◆ Activity:
From the first record to the last, write out each one exactly.

◆ Dataset entries:
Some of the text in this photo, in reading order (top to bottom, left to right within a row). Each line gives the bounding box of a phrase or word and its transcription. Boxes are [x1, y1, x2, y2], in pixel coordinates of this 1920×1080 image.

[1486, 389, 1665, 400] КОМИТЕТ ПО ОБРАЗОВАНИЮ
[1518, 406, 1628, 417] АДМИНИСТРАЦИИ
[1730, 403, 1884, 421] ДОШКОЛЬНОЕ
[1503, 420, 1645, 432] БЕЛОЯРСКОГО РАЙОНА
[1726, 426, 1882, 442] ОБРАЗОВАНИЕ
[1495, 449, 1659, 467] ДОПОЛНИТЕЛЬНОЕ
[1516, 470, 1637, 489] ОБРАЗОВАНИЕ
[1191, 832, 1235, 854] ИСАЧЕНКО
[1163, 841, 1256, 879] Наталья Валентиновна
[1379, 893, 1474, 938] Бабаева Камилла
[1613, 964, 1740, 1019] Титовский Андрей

◆ Answer to the exercise:
Some of the text in this photo, in reading order (top to bottom, left to right within a row). Each line gives the bounding box of a phrase or word and its transcription. Boxes are [x1, y1, x2, y2], in pixel coordinates of this 1920×1080 image.

[1486, 389, 1665, 400] КОМИТЕТ ПО ОБРАЗОВАНИЮ
[1518, 406, 1628, 417] АДМИНИСТРАЦИИ
[1730, 403, 1884, 421] ДОШКОЛЬНОЕ
[1503, 420, 1645, 432] БЕЛОЯРСКОГО РАЙОНА
[1726, 426, 1882, 442] ОБРАЗОВАНИЕ
[1495, 449, 1659, 467] ДОПОЛНИТЕЛЬНОЕ
[1516, 470, 1637, 489] ОБРАЗОВАНИЕ
[1191, 832, 1235, 854] ИСАЧЕНКО
[1163, 841, 1256, 879] Наталья Валентиновна
[1379, 893, 1474, 938] Бабаева Камилла
[1613, 964, 1740, 1019] Титовский Андрей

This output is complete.